The stagnation is augmented since the run of the dilated ureter becomes crooked with buddings and breaches. The dilation does not lead to the thinning of the ureteral wall since its muscle transforms into connective tissue and the excessive tissue compensates the thinning caused by the dilation. Urinal stasis often leads to ascending urinary infections, and infections with a gradually developing hydronephrosis lead to further parenchymal distruction. Although the disorder can remain asymptomatic for years, untreatedly it leads to the complete failure of the kidney on the same side.

I./2.3.6. Calculi (nephrolithiasis, ureterolithiasis, vesicolithiasis, urolithiasis)

Three factors play an important role in its development: (i) salts present in the urine, which tend to crystallize, (ii) a ’nucleus’ starting the crystallization process, and (iii) the abscence of substances preventing crystallization. In case of a calculus the urine is oversaturated with ions of salts inducing calcification, while diluted and rich diuresis normalizes the oversaturation.
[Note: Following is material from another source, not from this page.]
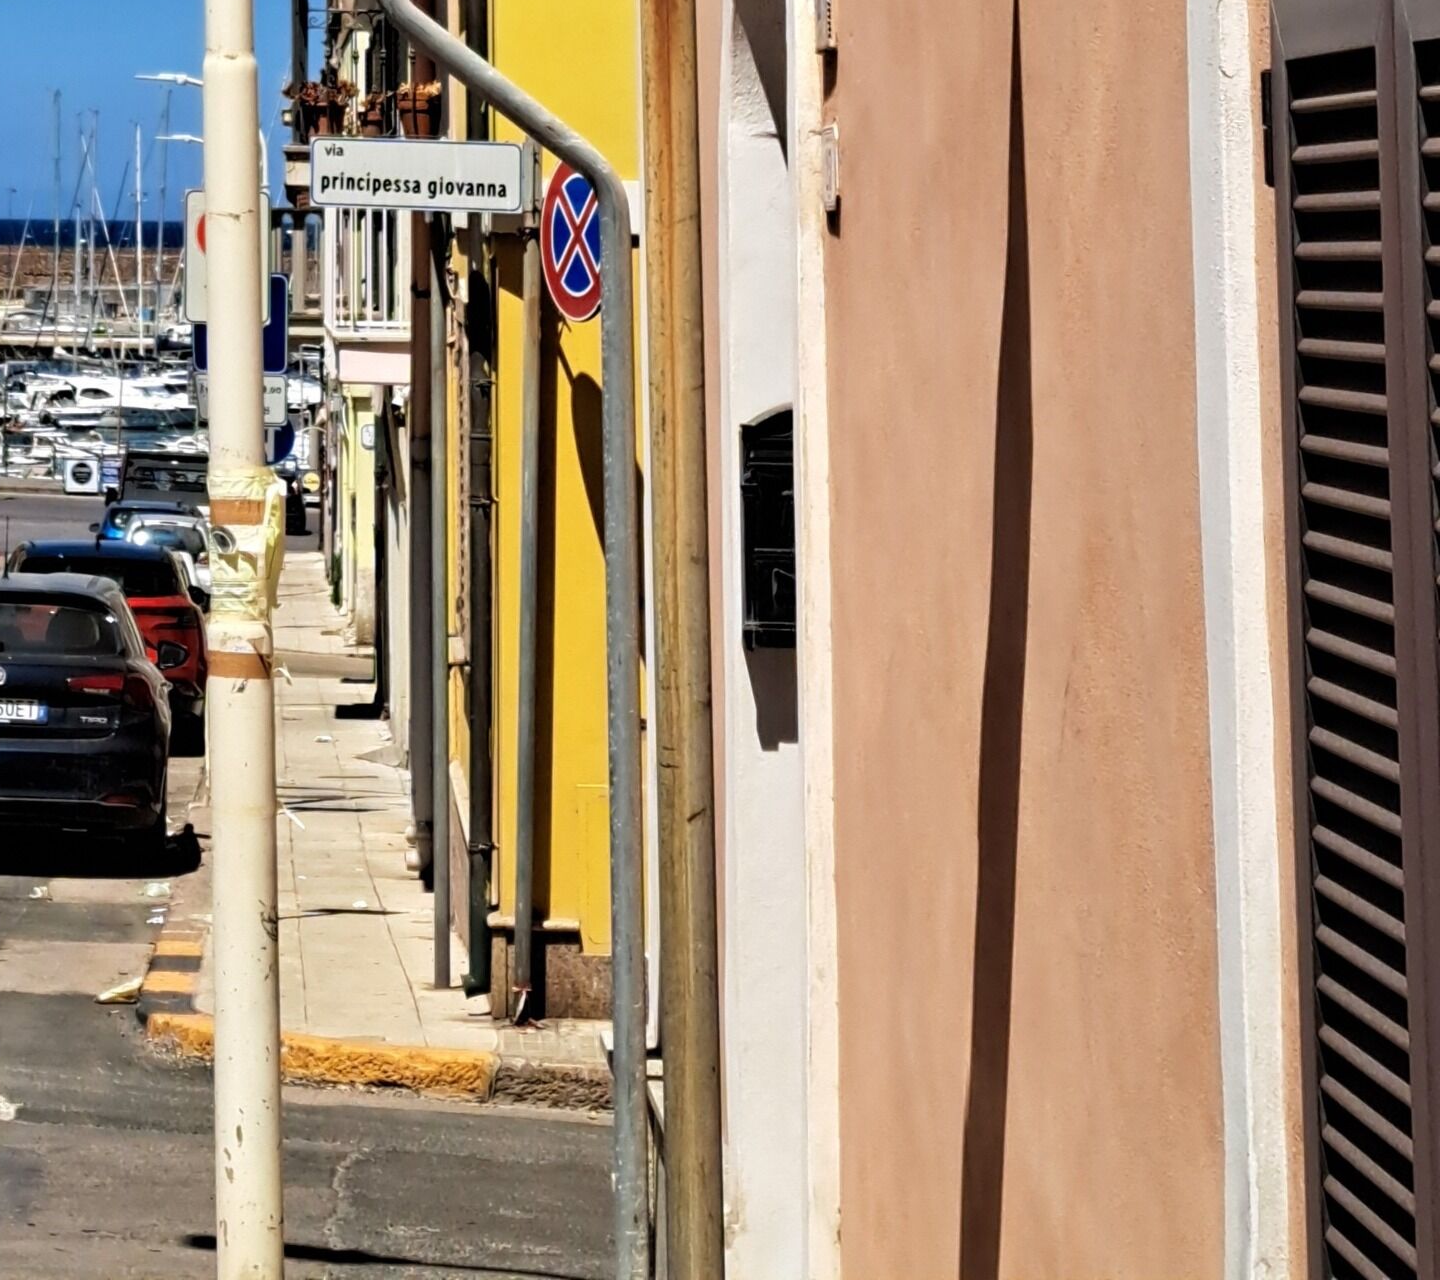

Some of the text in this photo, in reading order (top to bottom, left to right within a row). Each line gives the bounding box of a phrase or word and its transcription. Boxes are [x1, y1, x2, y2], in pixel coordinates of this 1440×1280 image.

[324, 143, 344, 157] via
[321, 172, 507, 200] principessa giovanna
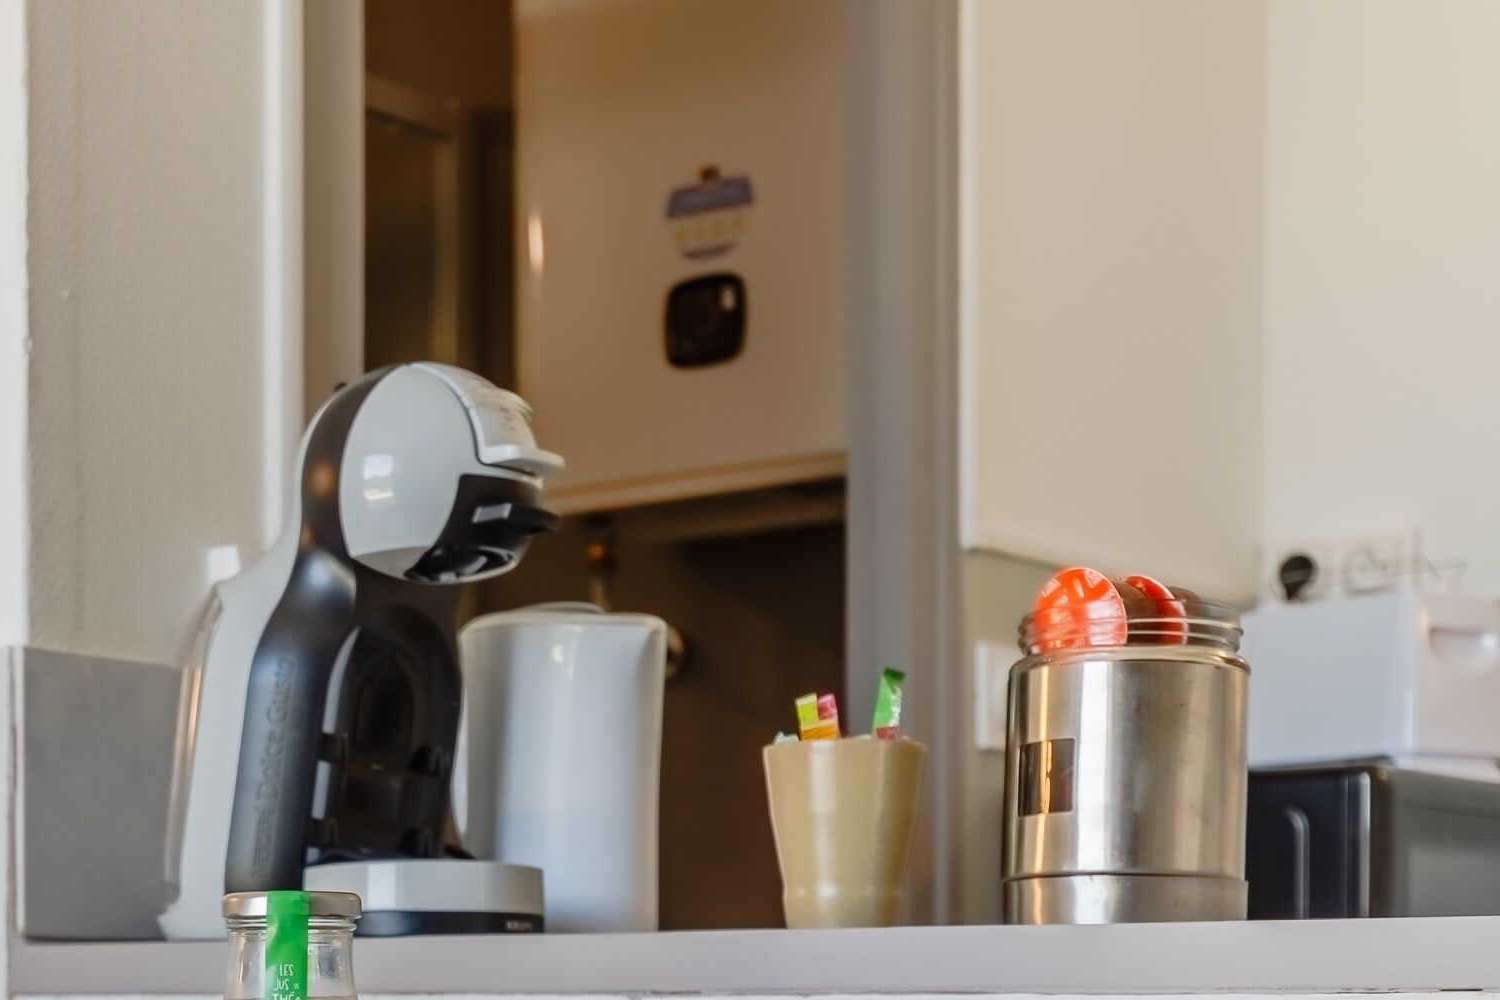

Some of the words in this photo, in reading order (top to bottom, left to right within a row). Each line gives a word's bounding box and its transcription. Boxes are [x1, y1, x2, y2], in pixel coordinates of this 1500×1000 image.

The microscopic crystallization foci (nidus) initiating the crystallization process can either consist or tubular epithelium cells, cell fragments, inflammated exudate fragments or cleared tubular cylinders or uric acid crystals as well. The ’nucleus’ adheres to the urothelium of the renal calix and the oversaturated solution’s salts precipitate onto its surface. If the calculus grows big enough it can even fill out the shape of the renal pelvis like a casting (so-called coral stone or thorny stone). This can result in dilated calices without a kidney stone attack, and parenchymal damage/atrophy in the involved parts.

Illustration 1: Ureterolithiasis (Kiss Balázs): (1)Cortex renalis; (2) Pyramis renalis; (3) Papilla renalis; (4) Vesekő a pyelonban; (5) Urether tagulat; (6) Hugyúti obstrukciót okozó vesekő.
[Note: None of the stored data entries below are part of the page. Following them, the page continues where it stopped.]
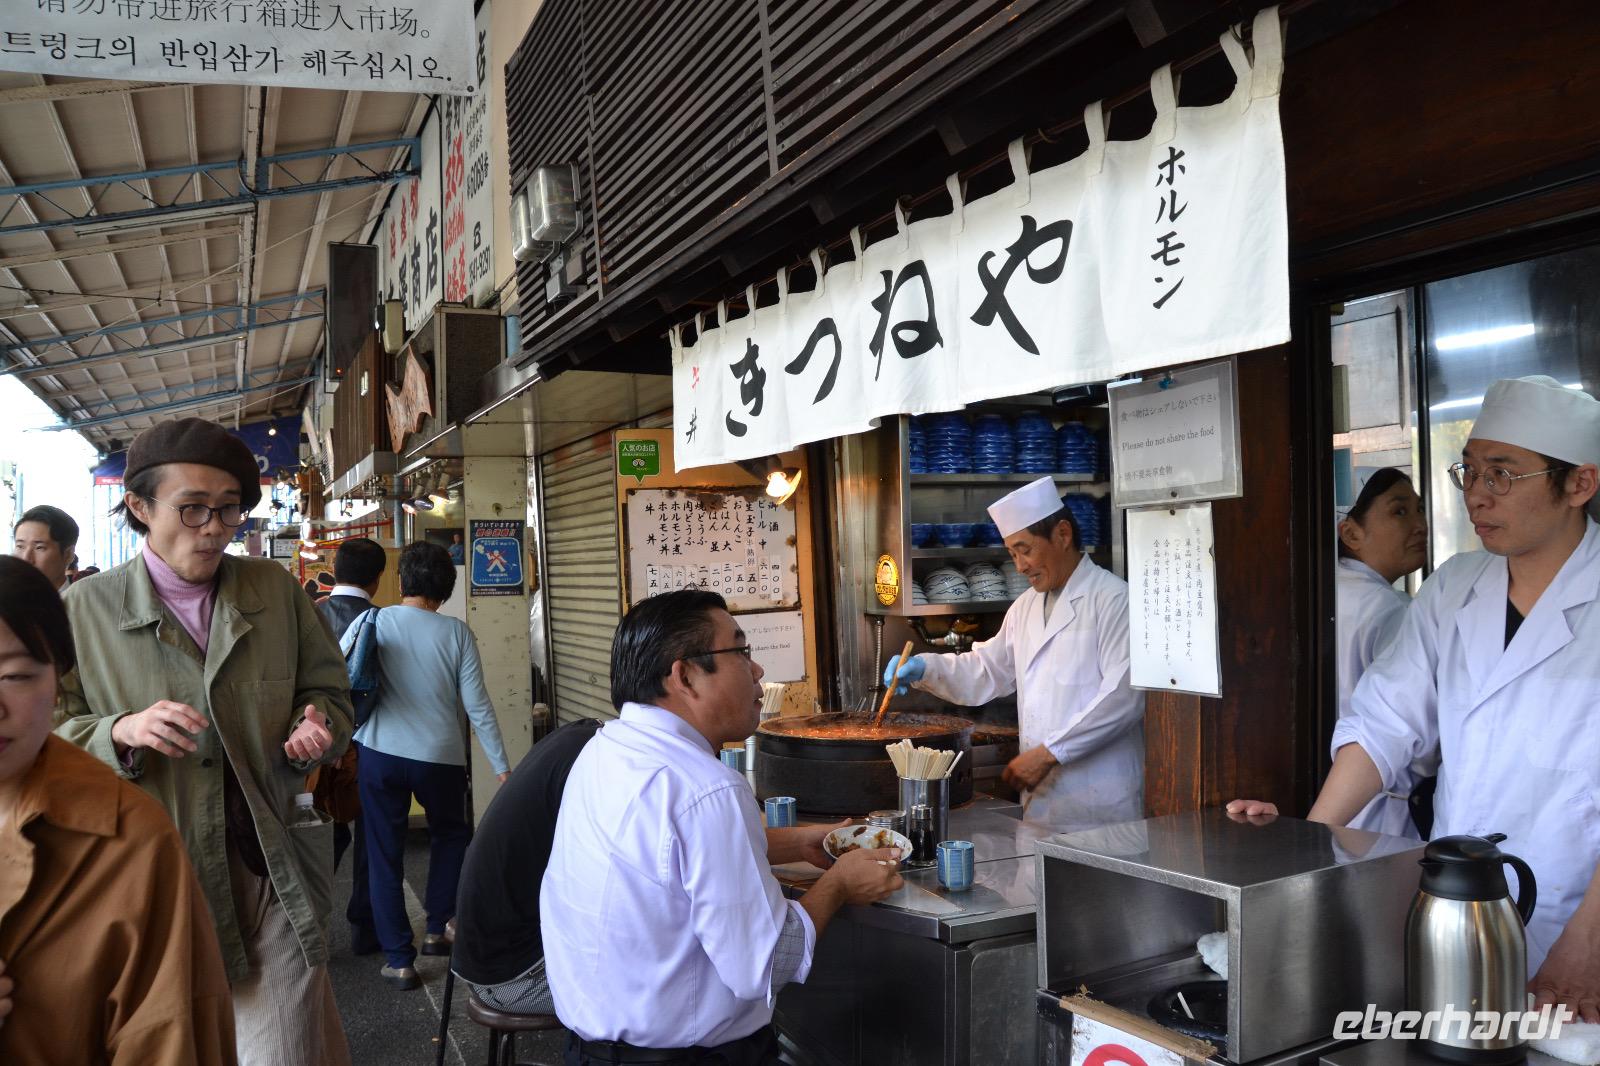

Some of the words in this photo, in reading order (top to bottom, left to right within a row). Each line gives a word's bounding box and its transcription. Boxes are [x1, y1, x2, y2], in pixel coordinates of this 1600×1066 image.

[1, 32, 136, 65] 트렁크의
[160, 38, 284, 73] 반입삼가
[301, 50, 452, 82] 해주십시오.
[1150, 146, 1189, 309] ホルモン
[726, 215, 1074, 438] きつねや
[622, 443, 656, 452] 人気のお店
[1122, 440, 1144, 451] Please
[1145, 437, 1154, 447] do
[1155, 436, 1166, 446] not
[1167, 432, 1186, 444] share
[1187, 429, 1200, 440] the
[1200, 425, 1215, 437] food
[658, 501, 670, 557] ホルモン丼
[671, 501, 683, 555] ホルモン煮
[683, 500, 695, 546] 肉どうふ
[694, 501, 707, 546] 焼どうふ
[721, 500, 731, 531] ごはん
[733, 500, 743, 543] おしんこ
[746, 502, 756, 537] 生玉子
[758, 500, 767, 529] ビール
[710, 541, 720, 553] 並
[722, 540, 732, 551] 大
[759, 539, 767, 550] 中
[663, 573, 671, 589] 八五
[675, 570, 683, 587] 六五
[698, 566, 709, 587] 二五
If the developing stone remains small, urine flow can wash it to the ureteral orifice or even more deeply into the ureter, where it can wedge into the lumen. The inclusion can be worsened by a reflexive spasm triggered by the ureter damage caused by the stone’s uneven surface, and the urine becomes obstructed. Urine obstruction is associated with cramps (kidney stone attack, ’kidney spasm’, griping). This is why the saying ’small stone small problem, large stone big problem’ is true. Acidic macroproteins (nephrocalcin, uropontin, Tamm-Horsfall’s protein) prevent calcification. The citrate content of the urine is another preventing factor, since citrate increases the solubility of calcium oxalate. The urinal pH is also an important factor. ’Alcalic’ values above pH=6.5 favour the oversaturation of calcium phosphate.
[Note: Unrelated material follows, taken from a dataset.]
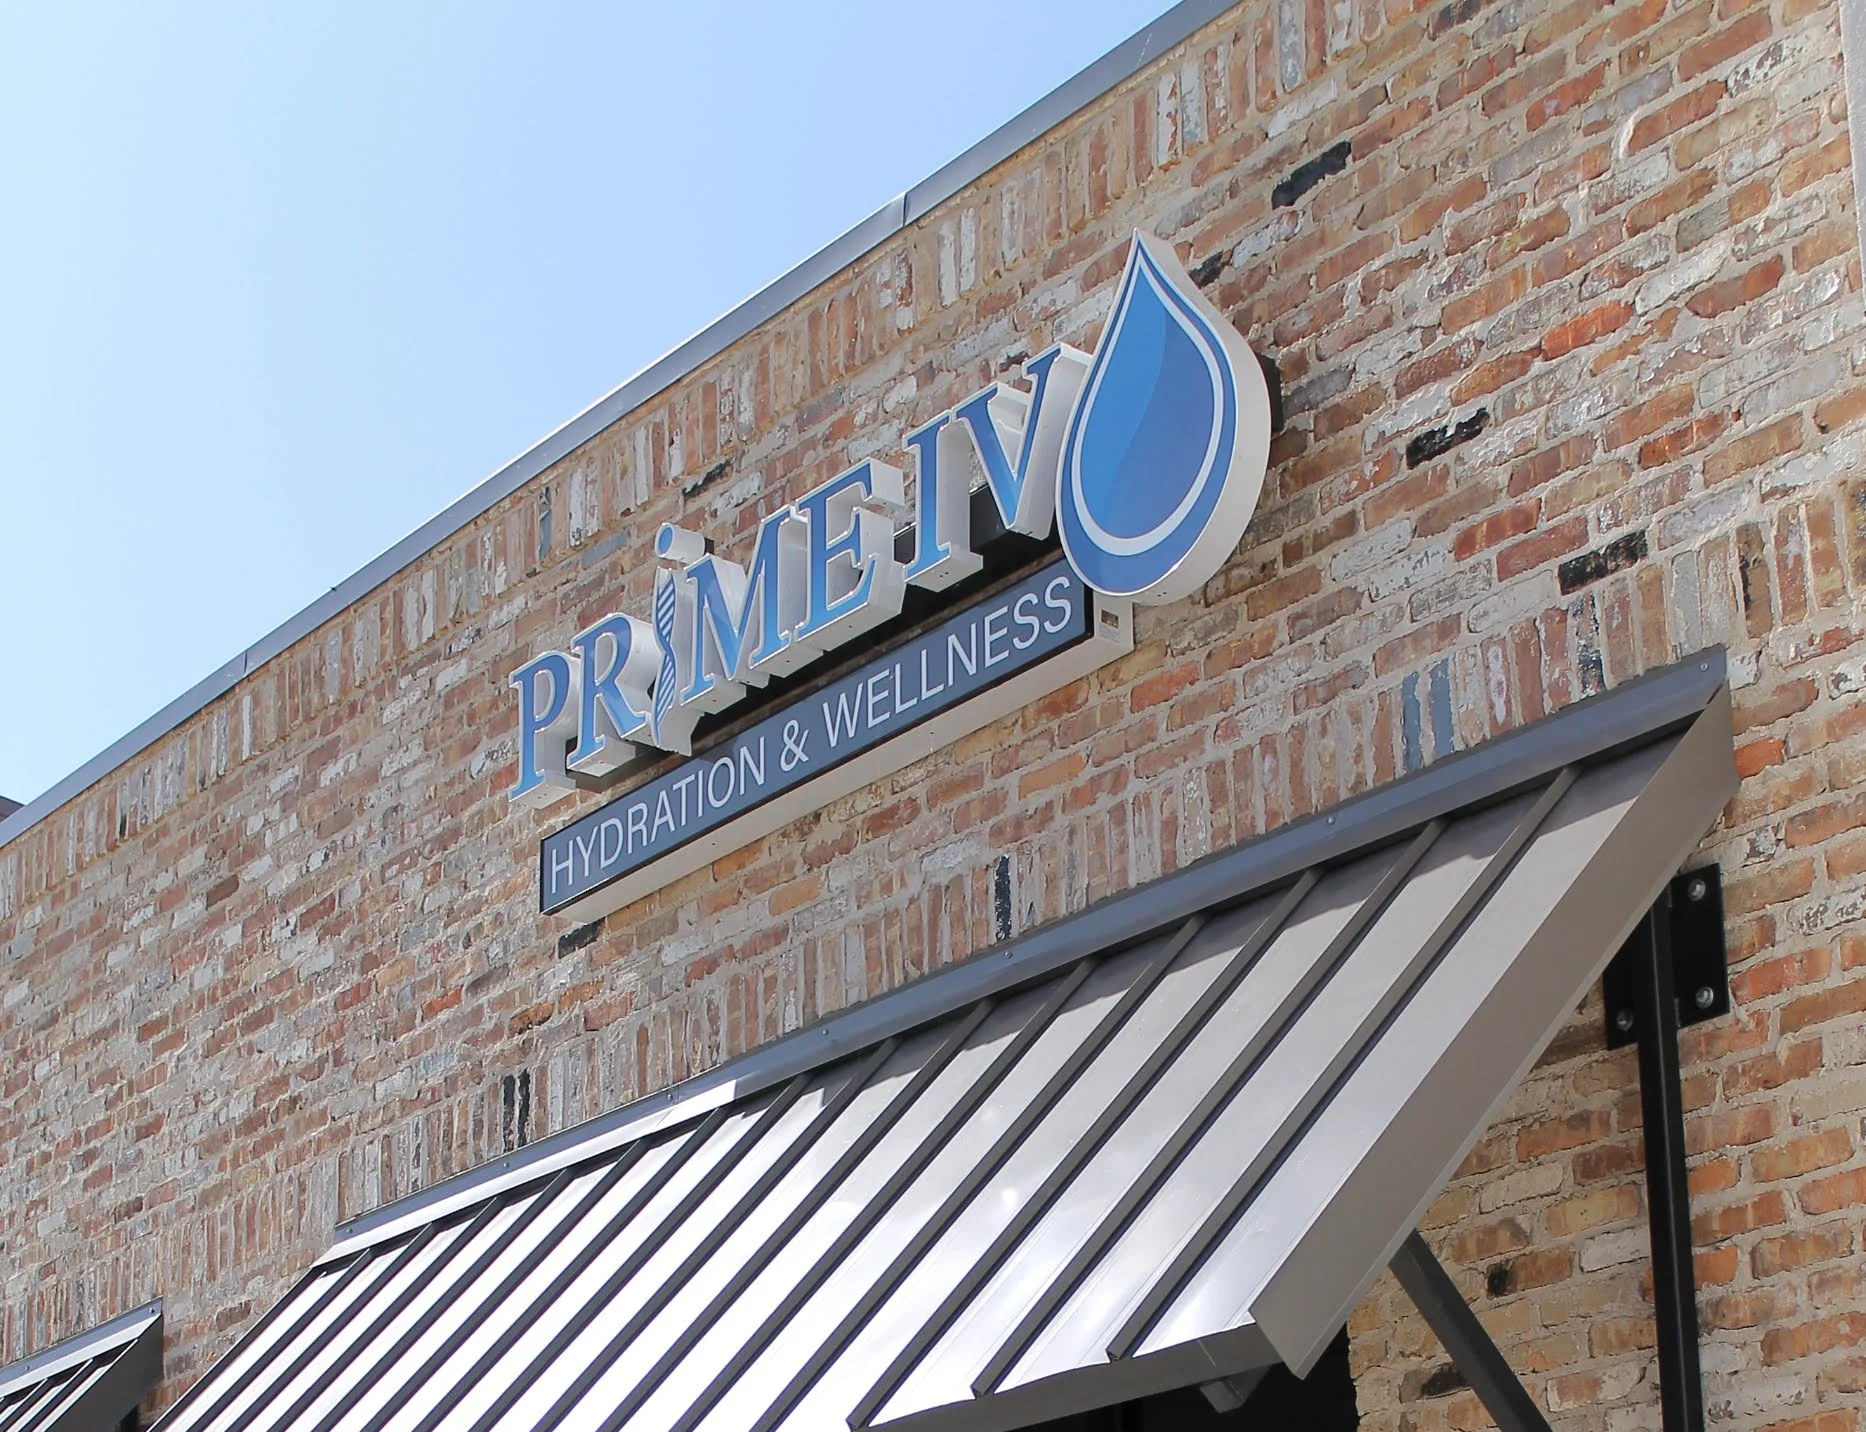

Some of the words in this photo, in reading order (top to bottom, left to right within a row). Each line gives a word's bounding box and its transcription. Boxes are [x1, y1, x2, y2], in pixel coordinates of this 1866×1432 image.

[903, 342, 1062, 579] IV
[549, 736, 766, 893] HYDRATION
[779, 719, 811, 771] &
[823, 576, 1072, 747] WELLNESS
65% of the stones consist of calcium-oxalate or calcium-oxalate and calcium-phosphate. The stones are hard, black-brown, with a size of 1-2 centimetres and sharp borders. On the X-ray the kidney stones display as shadows. The development of struvite stones is potentiated by kidney infections (struvite: an ammonium-magnesium-phosphate crystal containing water (NH4)MgPO4+6H2O], which is formed easily in human and animal urine if the urine is infected with ammonium-producing bacteria). Struvite stones are grey-yellow and relatively soft, filling the renal kidney similar to deer horns. They are also present as shadows on X-ray films. Uric acid stones (15%) are white or orange, they can fill the renal pelvis and they do not appear on an X-ray.

Pain caused by stones reaching the ureter and moving down is one of the complications of kidney stones, just like micro- and sometimes macroscopic haematuria caused by the excoriation of the urothelium. Partial or recurrent ureter occlusion leads to hydronephrosis, and to pyelonephritis, in case of an infection. In the clinical practice renal stones occur mainly among the middle-aged, but stones can also develop in childhood. It is a frequent disorder and can occur both uni- or bilaterally. A kidney stone attack consists of intense lumbocostal, sometimes upper abdominal cramps (colic pain), haematuria and an urgent, painful urination stimulus. The pain radiates to the groin, to the labia majora or to the testicles with a growing intensity. An ultrasound confirms an acute unilateral dilatation of the pyelon and the calices and the stone can usually be detected. The pain stops when the stone reaches the bladder.